◆ **The problem**: The records below need to be set down again exactly; their images stay out.

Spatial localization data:
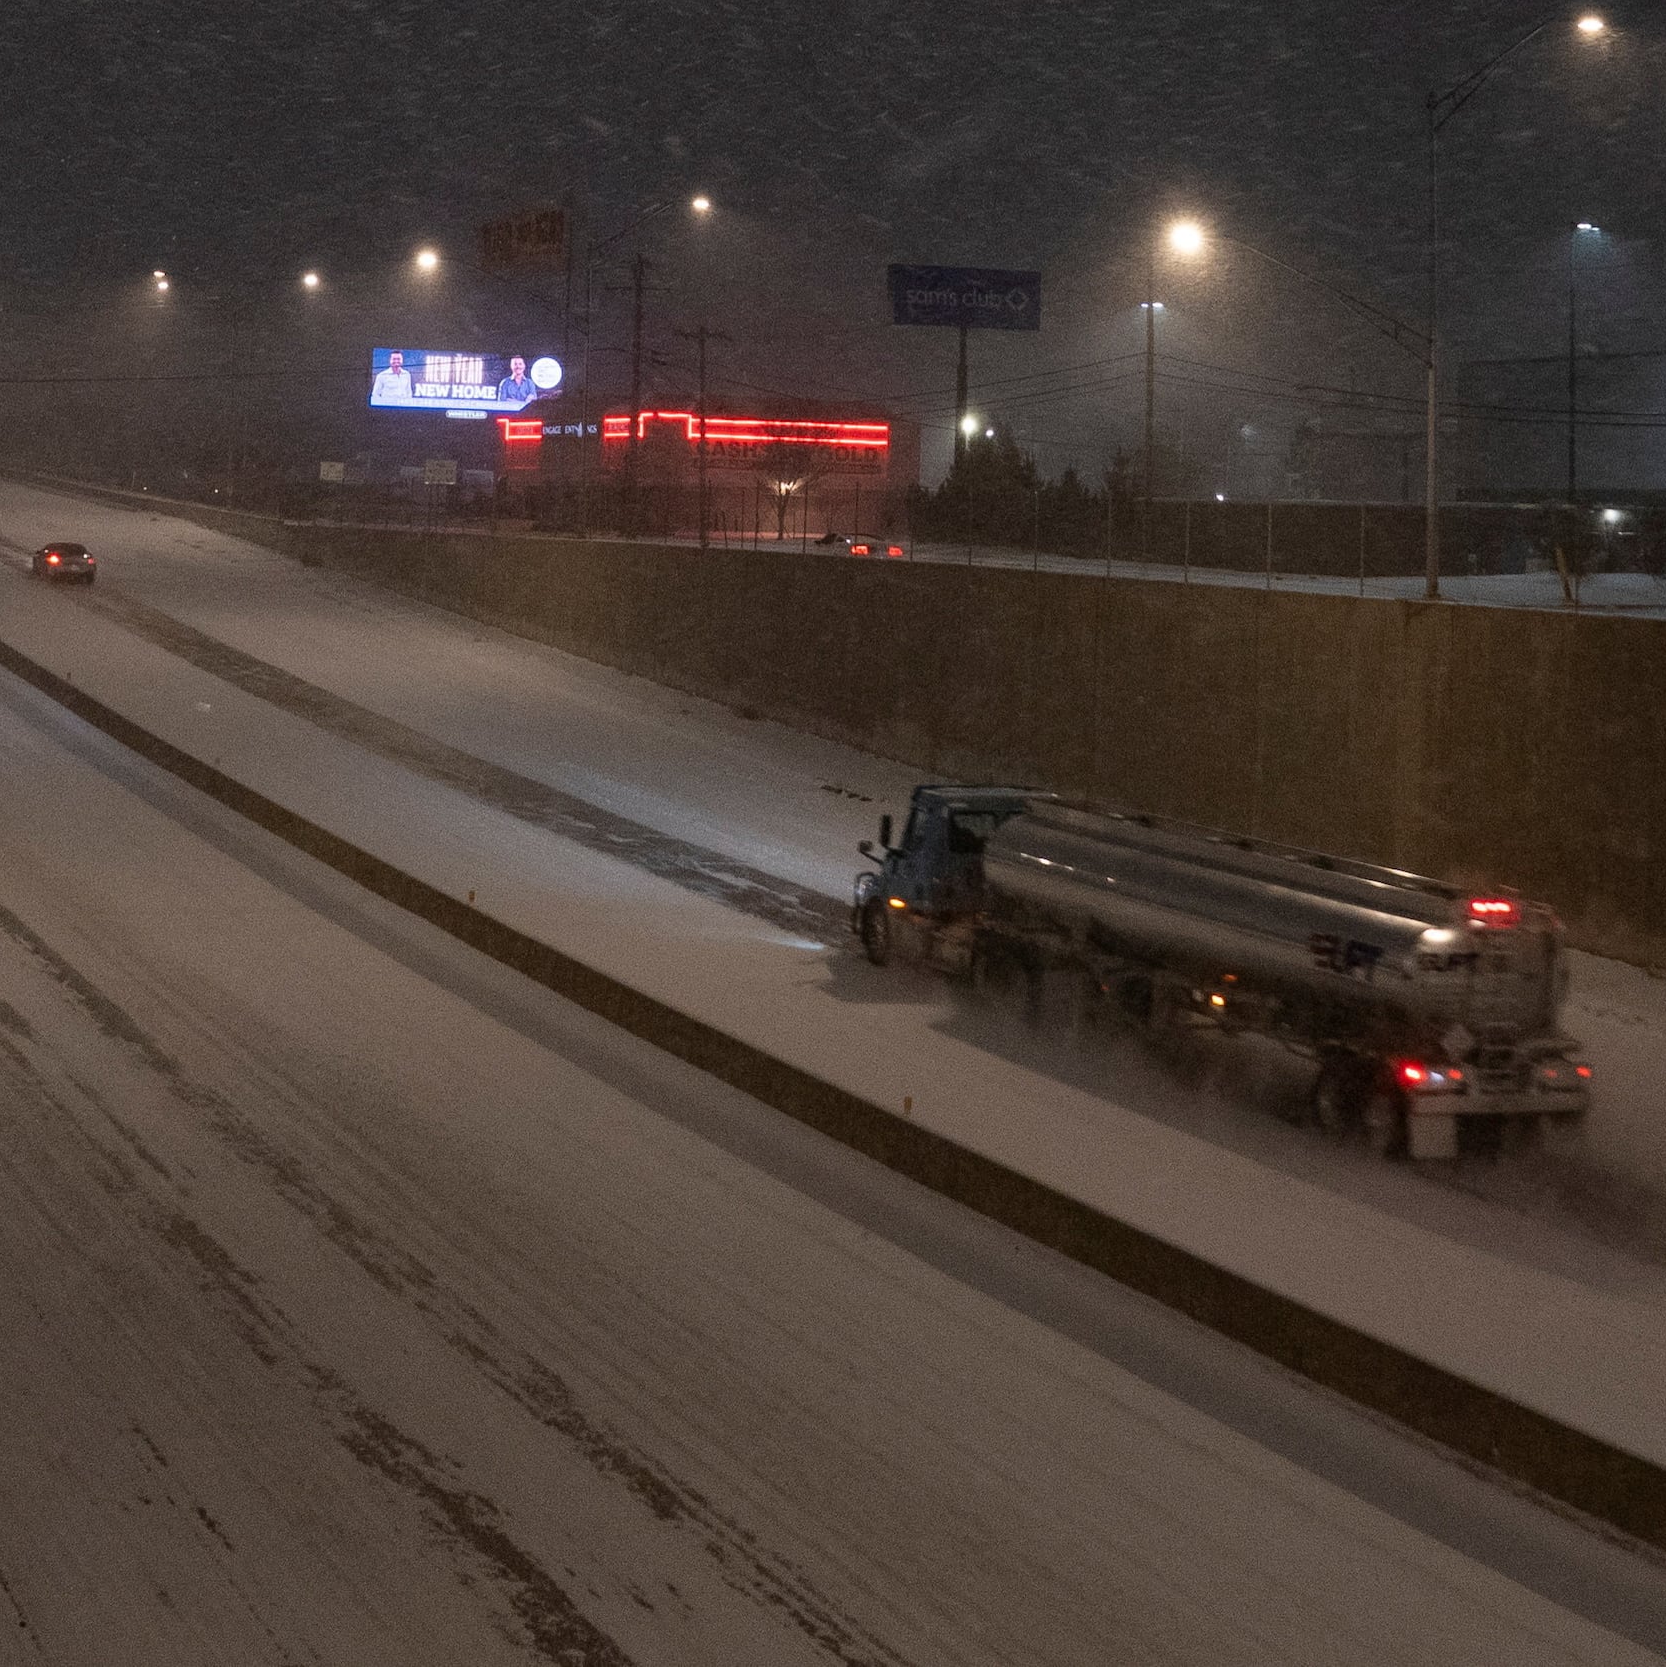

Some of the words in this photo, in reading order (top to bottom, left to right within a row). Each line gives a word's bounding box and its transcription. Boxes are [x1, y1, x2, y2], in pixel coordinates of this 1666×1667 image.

[962, 286, 1002, 309] club
[425, 355, 452, 382] NEW
[415, 383, 450, 398] NEW
[451, 385, 497, 400] HOME

◆ **Output below**:
Some of the words in this photo, in reading order (top to bottom, left to right within a row). Each line gives a word's bounding box and its transcription. Boxes are [x1, y1, x2, y2], in pixel coordinates of this 1666×1667 image.

[962, 286, 1002, 309] club
[425, 355, 452, 382] NEW
[415, 383, 450, 398] NEW
[451, 385, 497, 400] HOME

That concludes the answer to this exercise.